Take this episode from Ramon "Tianguis" Perez's diary:

The door opens and a tall woman of about thirty-five in a pale green dress appears. Her skirt comes down to her ankles, and her blouse comes up to her neck, where it's topped by a ribbon of white lace, just like the ends of her long sleeves. She has short hair tied lightly at the neck. Her bronze skin lets me know that she's Hispanic.

"Pardon," I say in Spanish, "is this the place where you help wetbacks?" As always I use the word mojados.

"Mojados?" she says to herself.

Some light wrinkles cross her forehead and her eyes look to the walls, as if she expected to find an answer there. Then she turns towards me with her eyes wide open, as if she was having trouble seeing. Her slight smile has vanished and now her lips are tightly shut. I feel her looking at me from head to foot.

"Mojados?" she repeats. This time it's clear that the query is directed at me.

"Yes," I say, baffled, "somebody told me that here you help mojados."

"No!" she says with cold emphasis. "Here there are no mojados."

Even more confused, I manage only to say thanks and to find my way down the stairs again.
The Cuban stands in the same position below, only now his chin is pressing the muffler against his chest. I tell him about the conversation I had upstairs.

"Undocumented worker is the correct term," he says.

The woman in the account chooses political correctness over actually assisting an undocumented worker. In his typical style, Tianguis doesn't offer too much commentary as to how he feels about the woman or the situation. A paratextual analysis offers more insight into his thoughts about the controversy of identifying as "mojado." I believe Tianguis must have this interaction in mind when he writes the dedication to his book, "Para mis camaradas: los mojados," or as it is translated, "for my fellow mojados." When Tianguis begins his journey he identifies chiefly as a Zapotec Indian from the village of Macuiltianguis in the state of Oaxaca. By the end of his journey, Tianguis identifies not only as a Zapotec Indian but as someone who has entered and lives everyday in the U.S. "illegally." For Tianguis, the word that best expresses this second identity is "mojado"; in this one word he expresses his bond and shared experiences with other undocumented immigrants.

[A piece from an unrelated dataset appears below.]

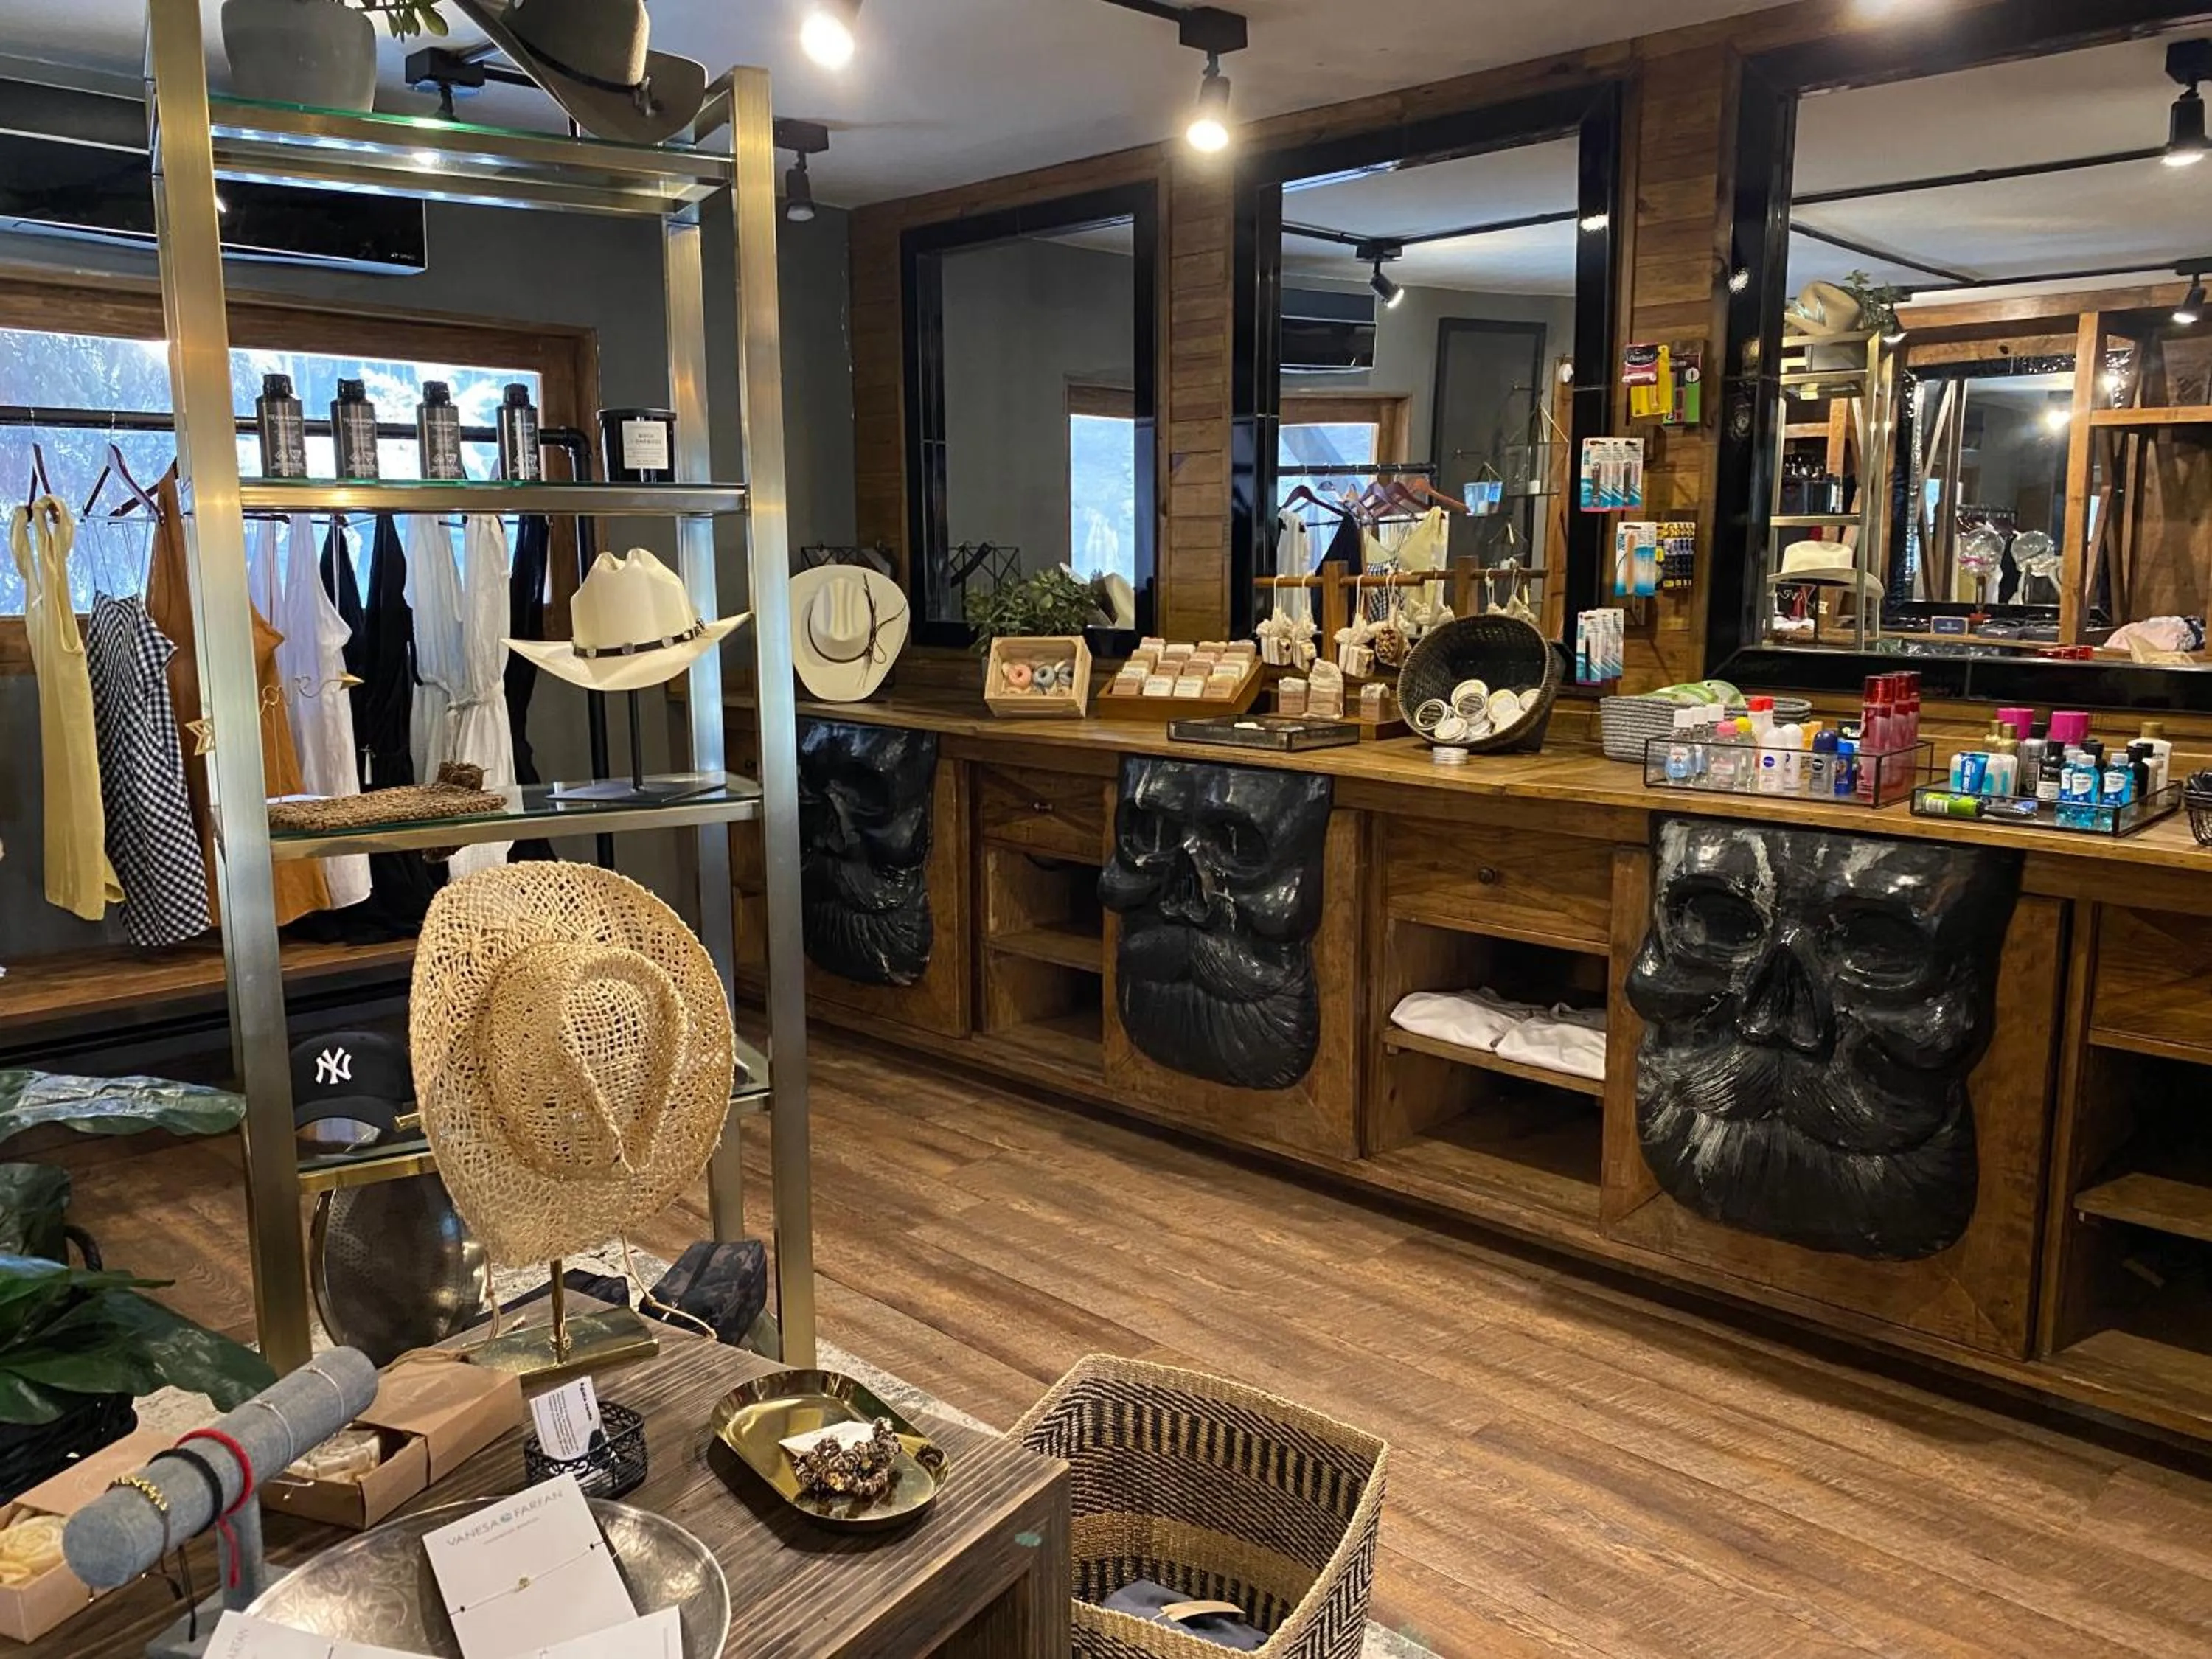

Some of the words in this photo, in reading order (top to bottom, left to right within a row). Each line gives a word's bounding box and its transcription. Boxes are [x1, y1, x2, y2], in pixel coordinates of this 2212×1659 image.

[315, 1047, 352, 1085] NY
[446, 1518, 502, 1546] VANESA
[514, 1489, 563, 1518] FARFAN

The original manuscript of the diary is in Spanish and has the title, Diario de un Mojado, with which Tianguis again expresses that identity and that belonging to a group with shared experiences. Instead of publishing the Spanish original, Arte Publico first publishes the translation by Dick J. Reavis with the title, Diary of an Undocumented Immigrant. This is what I find fascinating: that the translation/publication process repeats the same scenario that Tianguis narrates in the excerpt above and critiques in the paratextual dedication and title pages. The translation/publishing process (which could include the author's input, by the way) decided on political correctness over allowing Tianguis to self-identify. Diary of a Mojado seems to me to be the only correct translation.

Originally Published: April 25th, 2010

Javier O. Huerta's debut collection Some Clarifications y otros poemas (Arte Publico 2007) received the 31st Chicano/Latino Literary Prize from UC Irvine. He is also the author of American Copia (2012). A graduate of the Bilingual MFA Program at UT El Paso, Huerta is currently a PhD student in the...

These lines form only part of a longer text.